Collection entries
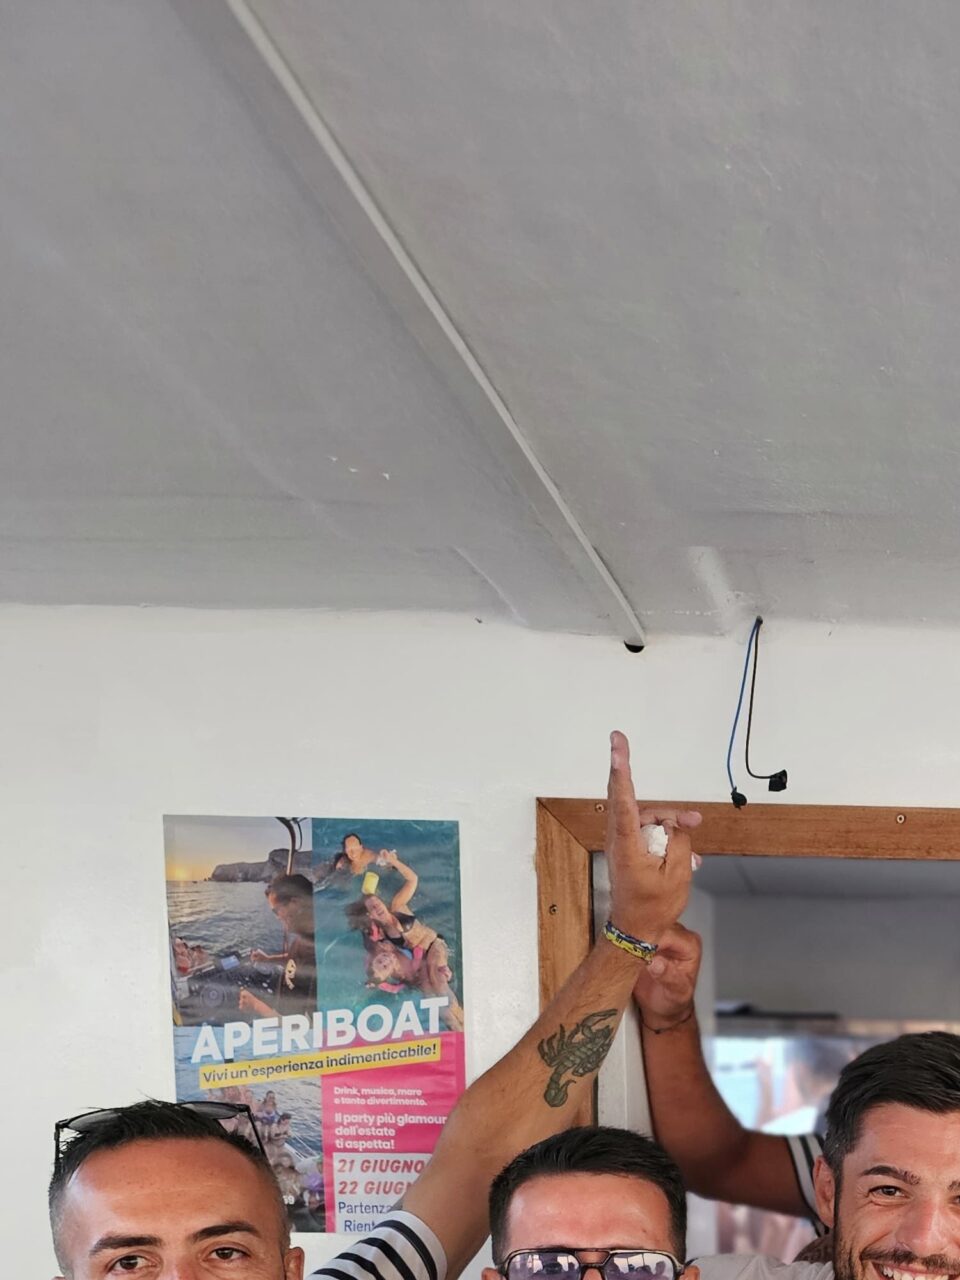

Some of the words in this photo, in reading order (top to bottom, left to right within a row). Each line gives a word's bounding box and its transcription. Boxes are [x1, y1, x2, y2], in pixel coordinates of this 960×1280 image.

[190, 996, 449, 1064] APERIBOAT
[203, 1068, 228, 1083] Vivi
[230, 1060, 324, 1079] un'esperienza
[326, 1043, 437, 1068] indimenticabile!
[333, 1086, 361, 1096] Drink,
[361, 1086, 397, 1096] musica,
[397, 1088, 423, 1096] mare
[341, 1097, 366, 1105] tanto
[366, 1096, 428, 1106] divertimento.
[334, 1112, 342, 1123] Il
[343, 1113, 375, 1126] party
[376, 1112, 396, 1126] più
[396, 1113, 448, 1127] glamour
[334, 1125, 396, 1137] dell'estate
[335, 1139, 344, 1149] ti
[345, 1139, 396, 1152] aspetta!
[337, 1158, 355, 1173] 21
[360, 1158, 426, 1174] GIUGNO
[338, 1180, 359, 1195] 22
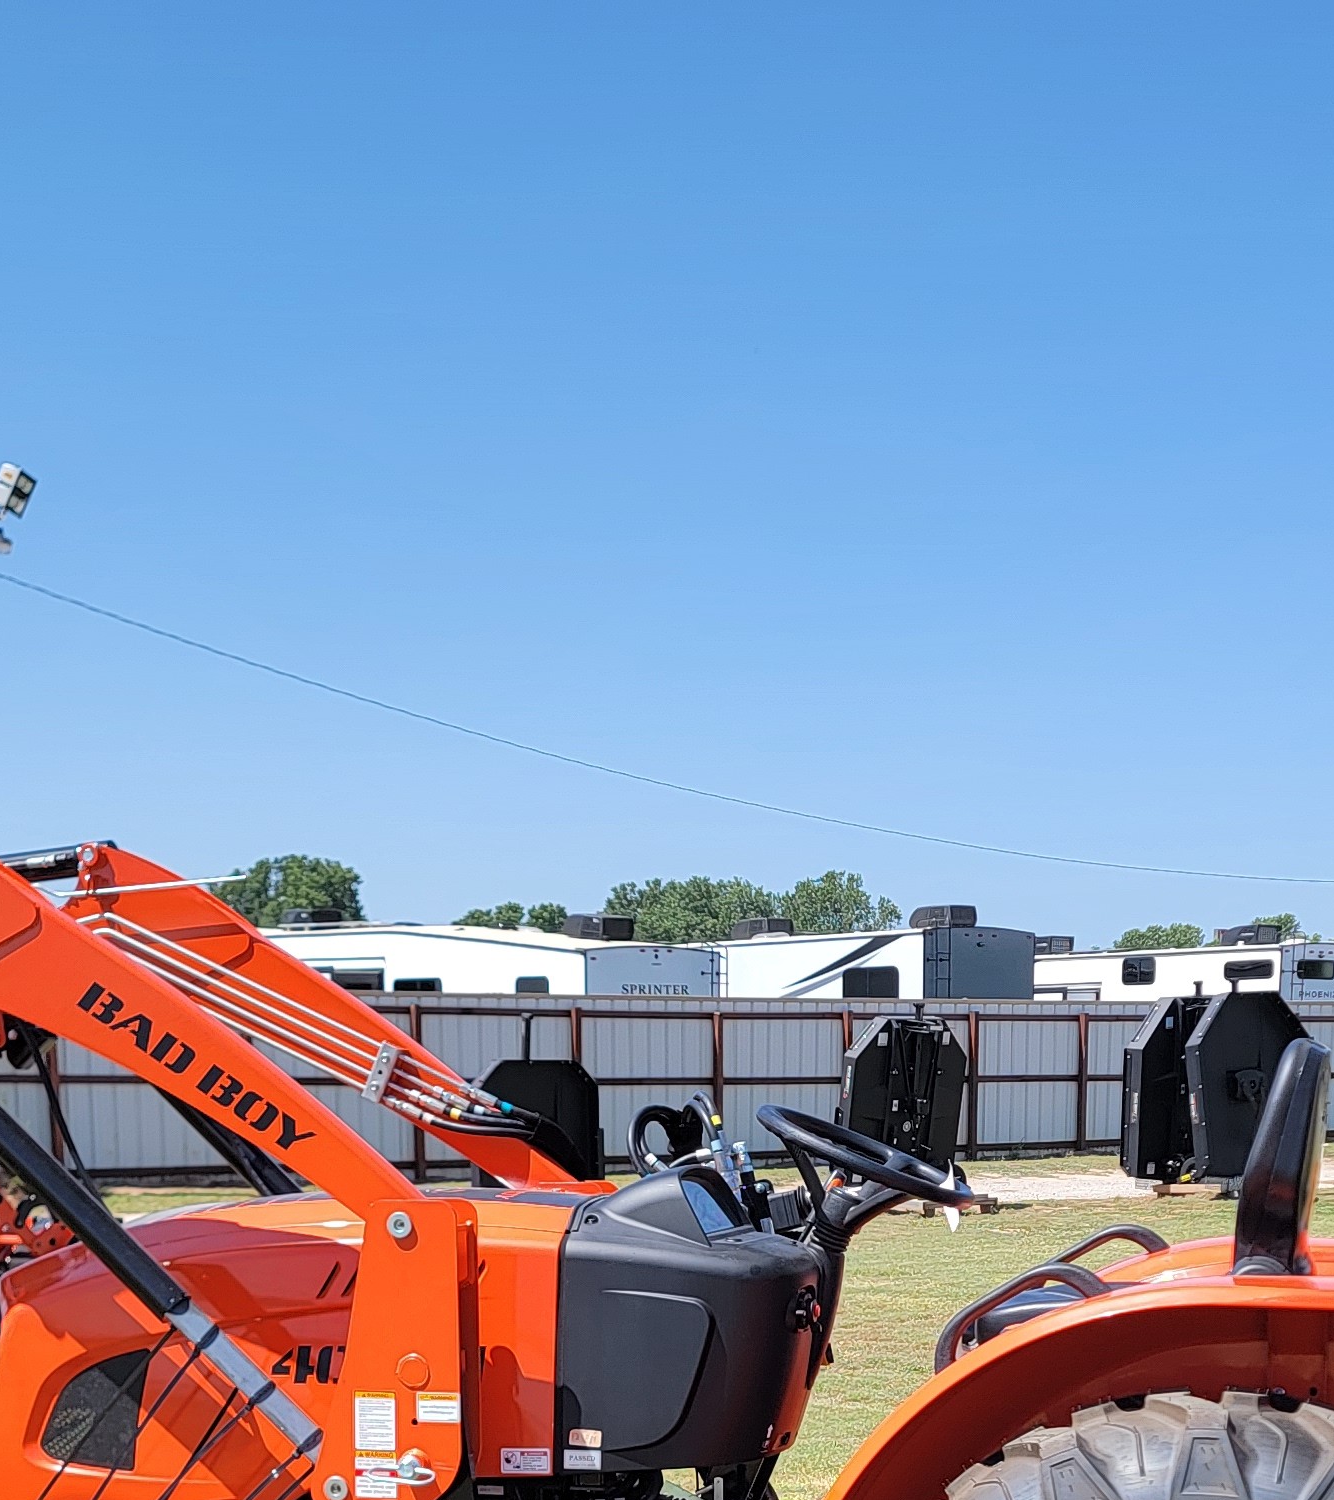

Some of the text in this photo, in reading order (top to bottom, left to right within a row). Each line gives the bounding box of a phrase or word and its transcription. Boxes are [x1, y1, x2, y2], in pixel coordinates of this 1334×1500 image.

[621, 983, 690, 995] SPRINTER
[76, 982, 317, 1150] BAD BOY
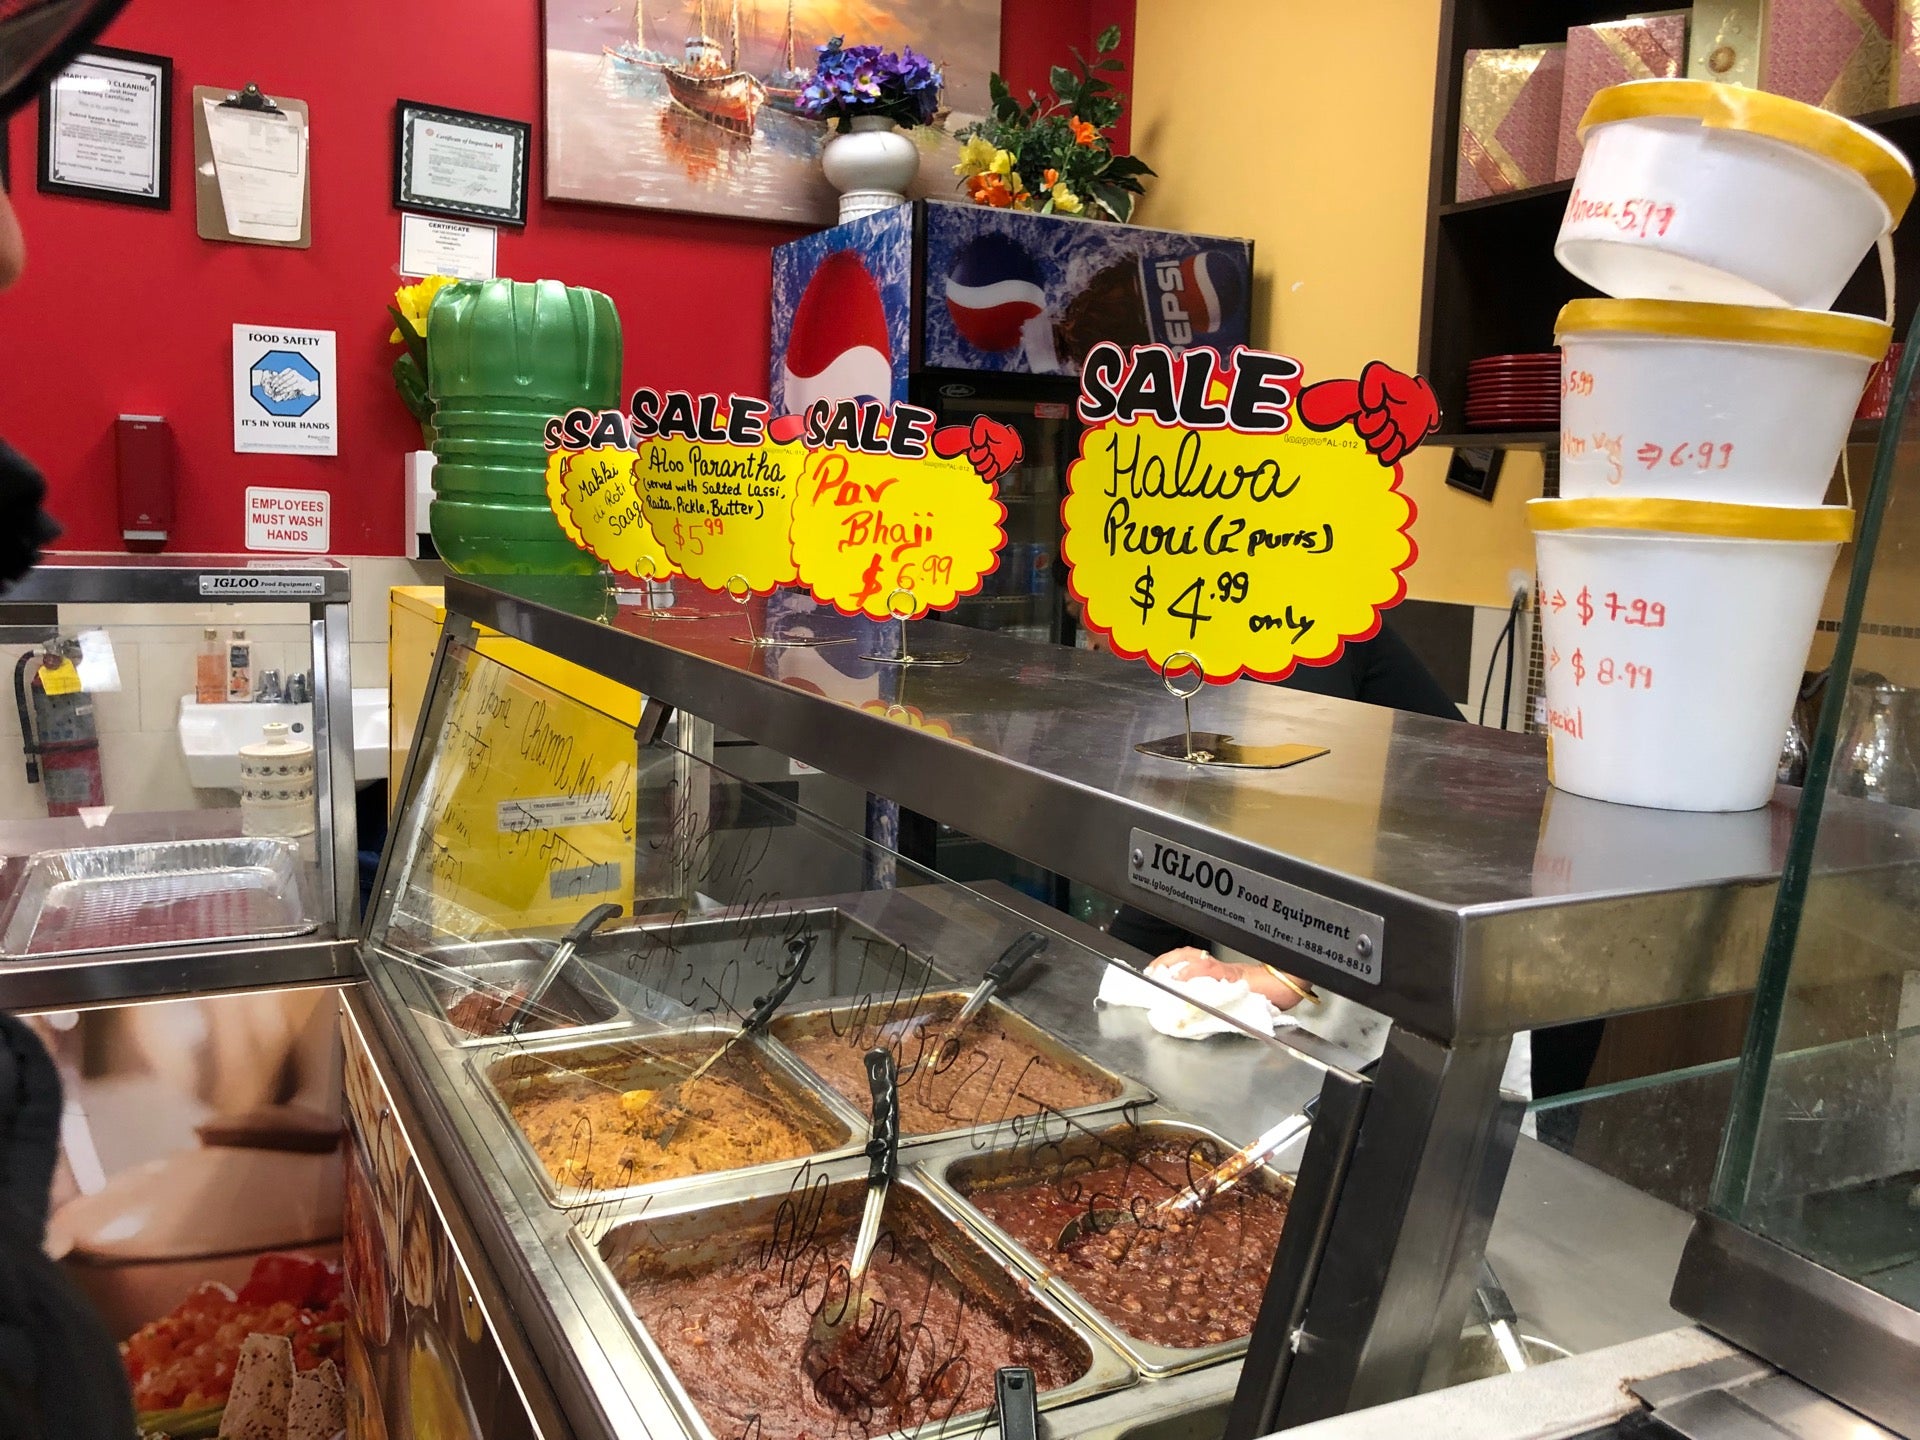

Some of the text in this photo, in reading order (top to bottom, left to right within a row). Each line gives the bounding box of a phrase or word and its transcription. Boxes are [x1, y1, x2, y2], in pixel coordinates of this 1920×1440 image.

--- Exercise brief ---
Above are the records; print them all exactly and keep the pictures out.

--- Completed exercise ---
Some of the words in this photo, in reading order (top to bottom, left to right within a row). Each line gives a word's bounding box and its transcription. Boxes are [x1, y1, x2, y2], in pixel coordinates of this 960×1280 image.

[190, 996, 449, 1064] APERIBOAT
[203, 1068, 228, 1083] Vivi
[230, 1060, 324, 1079] un'esperienza
[326, 1043, 437, 1068] indimenticabile!
[333, 1086, 361, 1096] Drink,
[361, 1086, 397, 1096] musica,
[397, 1088, 423, 1096] mare
[341, 1097, 366, 1105] tanto
[366, 1096, 428, 1106] divertimento.
[334, 1112, 342, 1123] Il
[343, 1113, 375, 1126] party
[376, 1112, 396, 1126] più
[396, 1113, 448, 1127] glamour
[334, 1125, 396, 1137] dell'estate
[335, 1139, 344, 1149] ti
[345, 1139, 396, 1152] aspetta!
[337, 1158, 355, 1173] 21
[360, 1158, 426, 1174] GIUGNO
[338, 1180, 359, 1195] 22

Some of the text in this photo, in reading order (top to bottom, left to right within a row). Each line gives the bounding box of a phrase or word and its transcription. Boxes are [x1, y1, x2, y2], in pixel coordinates of this 1334×1500 image.

[621, 983, 690, 995] SPRINTER
[76, 982, 317, 1150] BAD BOY

Some of the text in this photo, in reading order (top to bottom, left to right within a row). Each line gives the bounding box of a phrase or word and its transcription. Boxes are [x1, y1, x2, y2], in pixel coordinates of this 1920×1440 image.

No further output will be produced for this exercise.